# WORK INSTRUCTION
All entries are to be retyped without alteration.

==== DATA RECORDS ====

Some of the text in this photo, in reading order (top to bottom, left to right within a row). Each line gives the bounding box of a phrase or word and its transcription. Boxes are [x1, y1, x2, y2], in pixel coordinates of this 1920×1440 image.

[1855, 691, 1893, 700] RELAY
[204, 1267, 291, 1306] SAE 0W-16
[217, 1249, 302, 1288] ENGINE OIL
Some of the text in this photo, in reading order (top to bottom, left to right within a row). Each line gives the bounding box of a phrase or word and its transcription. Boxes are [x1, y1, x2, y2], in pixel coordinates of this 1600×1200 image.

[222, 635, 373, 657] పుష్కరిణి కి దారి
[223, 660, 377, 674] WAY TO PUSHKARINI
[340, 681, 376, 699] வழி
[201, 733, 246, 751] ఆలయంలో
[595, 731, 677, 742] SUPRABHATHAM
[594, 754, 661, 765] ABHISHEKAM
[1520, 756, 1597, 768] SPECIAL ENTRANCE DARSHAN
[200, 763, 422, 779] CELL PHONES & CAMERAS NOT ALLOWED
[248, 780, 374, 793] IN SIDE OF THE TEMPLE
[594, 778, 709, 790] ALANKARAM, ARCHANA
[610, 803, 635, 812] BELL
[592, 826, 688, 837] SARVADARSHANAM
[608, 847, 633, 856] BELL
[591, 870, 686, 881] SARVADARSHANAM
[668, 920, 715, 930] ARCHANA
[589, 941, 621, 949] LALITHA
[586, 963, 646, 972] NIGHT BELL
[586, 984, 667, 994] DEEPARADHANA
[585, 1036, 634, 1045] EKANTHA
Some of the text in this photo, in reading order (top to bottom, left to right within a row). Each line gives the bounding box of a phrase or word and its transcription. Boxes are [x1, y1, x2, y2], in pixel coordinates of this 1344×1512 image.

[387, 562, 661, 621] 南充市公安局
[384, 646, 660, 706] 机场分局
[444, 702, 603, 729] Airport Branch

====

# FINAL ANSWER
Some of the text in this photo, in reading order (top to bottom, left to right within a row). Each line gives the bounding box of a phrase or word and its transcription. Boxes are [x1, y1, x2, y2], in pixel coordinates of this 1920×1440 image.

[1855, 691, 1893, 700] RELAY
[204, 1267, 291, 1306] SAE 0W-16
[217, 1249, 302, 1288] ENGINE OIL
Some of the text in this photo, in reading order (top to bottom, left to right within a row). Each line gives the bounding box of a phrase or word and its transcription. Boxes are [x1, y1, x2, y2], in pixel coordinates of this 1600×1200 image.

[222, 635, 373, 657] పుష్కరిణి కి దారి
[223, 660, 377, 674] WAY TO PUSHKARINI
[340, 681, 376, 699] வழி
[201, 733, 246, 751] ఆలయంలో
[595, 731, 677, 742] SUPRABHATHAM
[594, 754, 661, 765] ABHISHEKAM
[1520, 756, 1597, 768] SPECIAL ENTRANCE DARSHAN
[200, 763, 422, 779] CELL PHONES & CAMERAS NOT ALLOWED
[248, 780, 374, 793] IN SIDE OF THE TEMPLE
[594, 778, 709, 790] ALANKARAM, ARCHANA
[610, 803, 635, 812] BELL
[592, 826, 688, 837] SARVADARSHANAM
[608, 847, 633, 856] BELL
[591, 870, 686, 881] SARVADARSHANAM
[668, 920, 715, 930] ARCHANA
[589, 941, 621, 949] LALITHA
[586, 963, 646, 972] NIGHT BELL
[586, 984, 667, 994] DEEPARADHANA
[585, 1036, 634, 1045] EKANTHA
Some of the text in this photo, in reading order (top to bottom, left to right within a row). Each line gives the bounding box of a phrase or word and its transcription. Boxes are [x1, y1, x2, y2], in pixel coordinates of this 1344×1512 image.

[387, 562, 661, 621] 南充市公安局
[384, 646, 660, 706] 机场分局
[444, 702, 603, 729] Airport Branch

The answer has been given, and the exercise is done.